"""

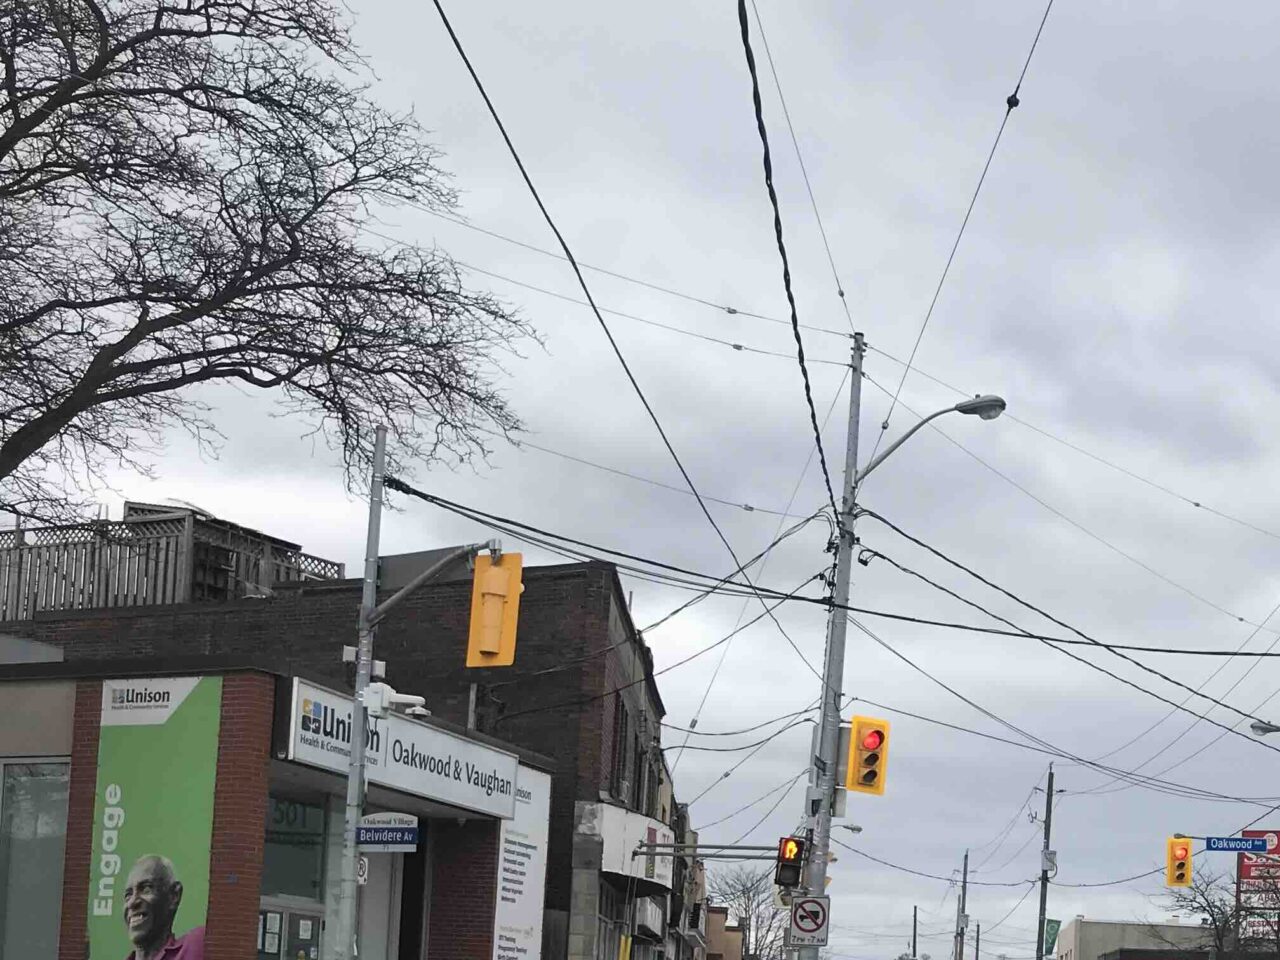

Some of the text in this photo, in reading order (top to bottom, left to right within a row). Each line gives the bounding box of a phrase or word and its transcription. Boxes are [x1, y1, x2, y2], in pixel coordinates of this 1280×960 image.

[126, 688, 170, 703] Unison
[300, 734, 319, 750] Health
[323, 705, 511, 796] Unin Oakwood & Vaughan
[515, 784, 532, 801] nison
[364, 817, 391, 825] Oakwood
[360, 831, 413, 842] Belvidere Av
[1211, 838, 1252, 849] Oakwood
[93, 784, 125, 916] Engage

"""

Assignment
Copy all entries exactly; skip pictures.

Task solution
Some of the text in this photo, in reading order (top to bottom, left to right within a row). Each line gives the bounding box of a phrase or word and its transcription. Boxes are [x1, y1, x2, y2], in pixel coordinates of this 1280×960 image.

[126, 688, 170, 703] Unison
[300, 734, 319, 750] Health
[323, 705, 511, 796] Unin Oakwood & Vaughan
[515, 784, 532, 801] nison
[364, 817, 391, 825] Oakwood
[360, 831, 413, 842] Belvidere Av
[1211, 838, 1252, 849] Oakwood
[93, 784, 125, 916] Engage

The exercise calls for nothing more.